Taking that hybrid approach is a great way to instill best practices in your team, and that’s particularly important to Holtz—and Nissan—as the company moves into new territory in 2018. Not least among them is production for the all-new, electric Nissan LEAF, which is underway at the Smyrna Vehicle Assembly Plant in Tennessee.
Holtz calls the new model particularly exciting not only because the company has a battery production plant right behind the auto manufacturing facility, but also because the updated LEAF—which was originally introduced in 2011 and has been produced in the US since 2013—is poised to bring even more customers to the brand thanks to its new technology updates. One of those updates is the e-pedal, which allows drivers to use one pedal to accelerate and brake. Another is the ProPilot Assist, which is a self-driving system that allows the vehicle to control its speed, its distance from other vehicles, and its ability to stay in its lane with minimal input from the driver.
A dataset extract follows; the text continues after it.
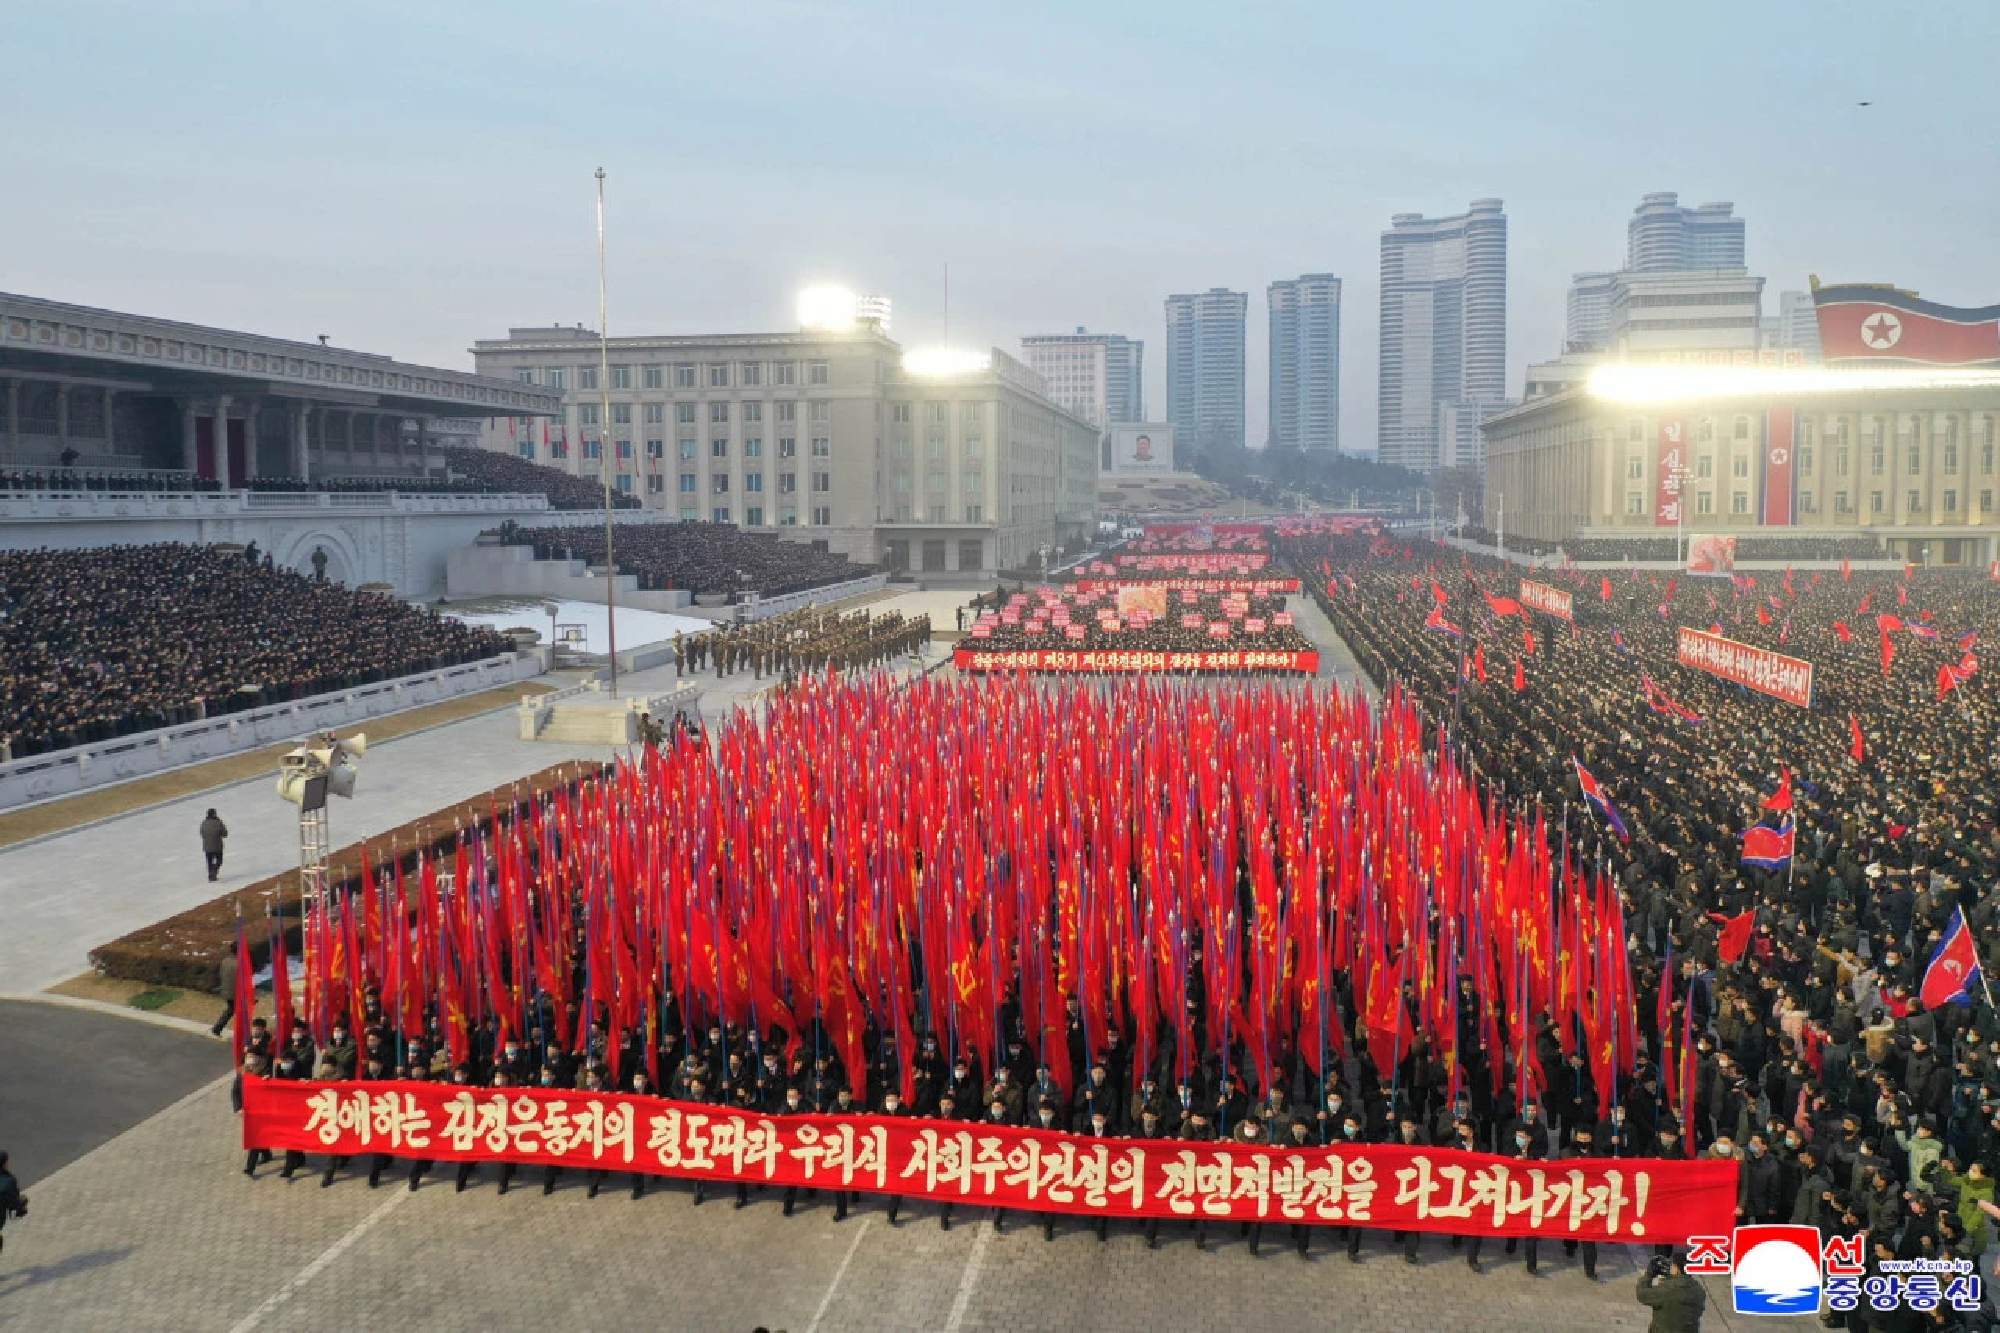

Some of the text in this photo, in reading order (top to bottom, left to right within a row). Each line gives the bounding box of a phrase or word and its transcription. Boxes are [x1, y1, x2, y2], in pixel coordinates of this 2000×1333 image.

“The technology is coming out of this plant, so it generates a lot of pride,” Holtz says. “We’re looking at other technologies in terms of fuel efficiency, safety, and more to drive our overall portfolio of offerings to the customer.”
Nissan’s commitment to improved technology and improved effects on the environment doesn’t stop with automobiles, either. Holtz says Nissan is getting more technical—and green—on the manufacturing supply chain, too.
“What we’re doing within plants and operations is looking at how we can continue to spur innovation,” he says. “That might mean making vehicle parts traceable at any part of manufacturing, 3-D printing, collaborative robotics, and even making plants completely paperless.”
These aren’t starry-eyed ideas, either. They’re already being put into practice. Holtz notes that supervisors previously had to work through 30–40 documents a day. Now, they’re working on tablet computers. In 3-D printing, production aids are made in a matter of minutes to prevent scratching and other damages on vehicle parts that are still being designed. Some Nissan factories have as many as 1,200 robots that are collecting data on movement, torque, heat, and vibration for the company to assess and proactively address potential breakdowns.
This technology is at work every day in Nissan plants around the world. It allows Holtz to quickly contact, say, Japan, if a particular model is posing a problem and immediately identify how to solve it. Although his team is scattered around the globe, Holtz says his leadership style wouldn’t be any different if they were all gathered in one room.
“True leaders have a vision,” he says. “You have to be consistent. It doesn’t mean I don’t want to see change—I try to make change where needed—but your demeanor and behavior needs to consistent so as not to induce panic.”
A major aspect of maintaining a calm and steady ship, Holtz says, is letting your team know everyone has the power and capacity to make change.
“The best way to accelerate the performance of a team is to ensure everyone is engaged and feels the power to contribute,” he says. “Your job as a leader is to provide resources and support for your team. Your job is to make everyone else effective.”
Given the changes underway not only in the automotive industry but also at Nissan itself, it’s safe to say Holtz is succeeding in his role. In an industry that has to be able to anticipate and react to the ever-changing demands of the customer, some level of consistency is important. No matter what changes come, Holtz says he still loves the same thing he did when he first came into the industry.
“I love seeing cars come off the line or producing an engine every single day,” he says. “Seeing the impact it has on the people in your team and the pride they have in what they do and the company—that’s what gets me up in the morning.”